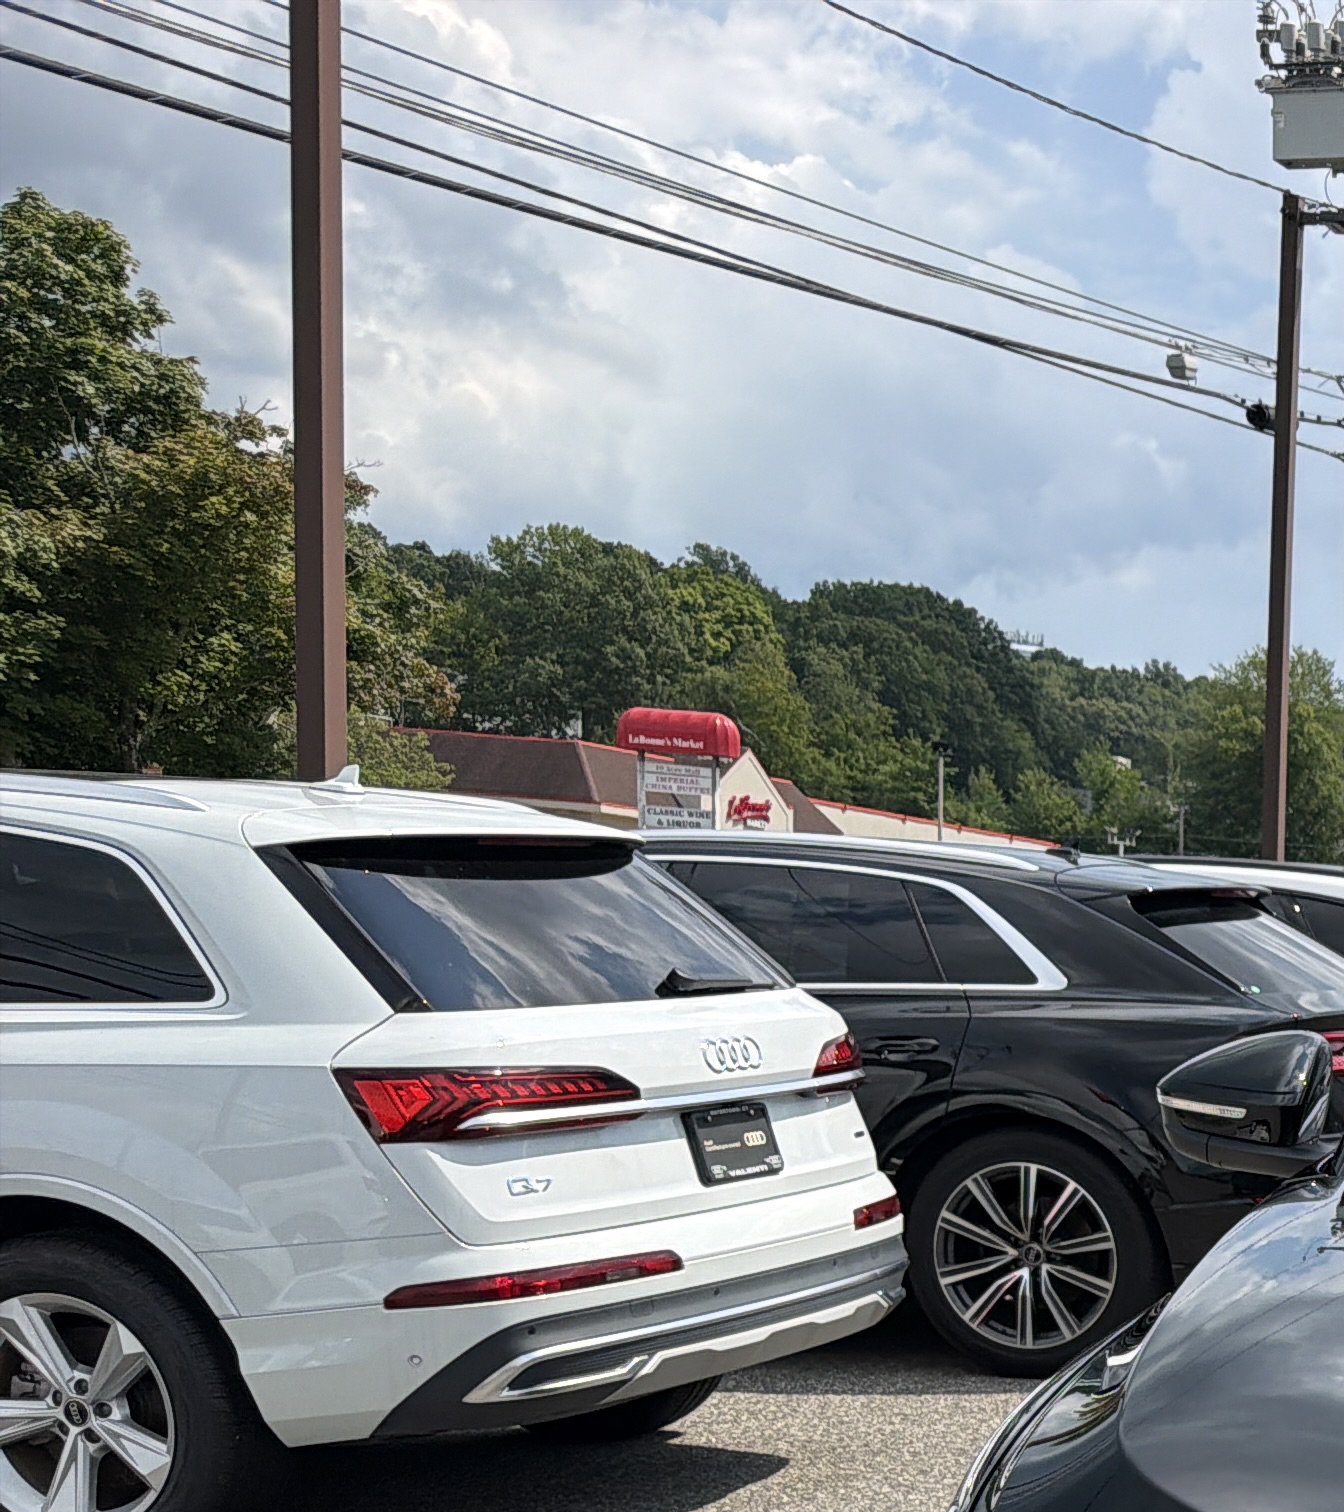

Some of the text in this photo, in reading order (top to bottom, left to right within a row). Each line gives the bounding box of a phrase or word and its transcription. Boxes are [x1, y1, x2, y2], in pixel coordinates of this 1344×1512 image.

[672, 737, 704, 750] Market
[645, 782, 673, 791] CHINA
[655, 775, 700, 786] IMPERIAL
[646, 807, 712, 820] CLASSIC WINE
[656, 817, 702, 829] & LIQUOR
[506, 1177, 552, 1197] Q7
===
Set the records down again exactly, with no pictures.

Some of the text in this photo, in reading order (top to bottom, left to right within a row). Each line gives the bounding box of a phrase or word and its transcription. Boxes are [x1, y1, x2, y2], in pixel coordinates of this 1344×1512 image.

[672, 737, 704, 750] Market
[645, 782, 673, 791] CHINA
[655, 775, 700, 786] IMPERIAL
[646, 807, 712, 820] CLASSIC WINE
[656, 817, 702, 829] & LIQUOR
[506, 1177, 552, 1197] Q7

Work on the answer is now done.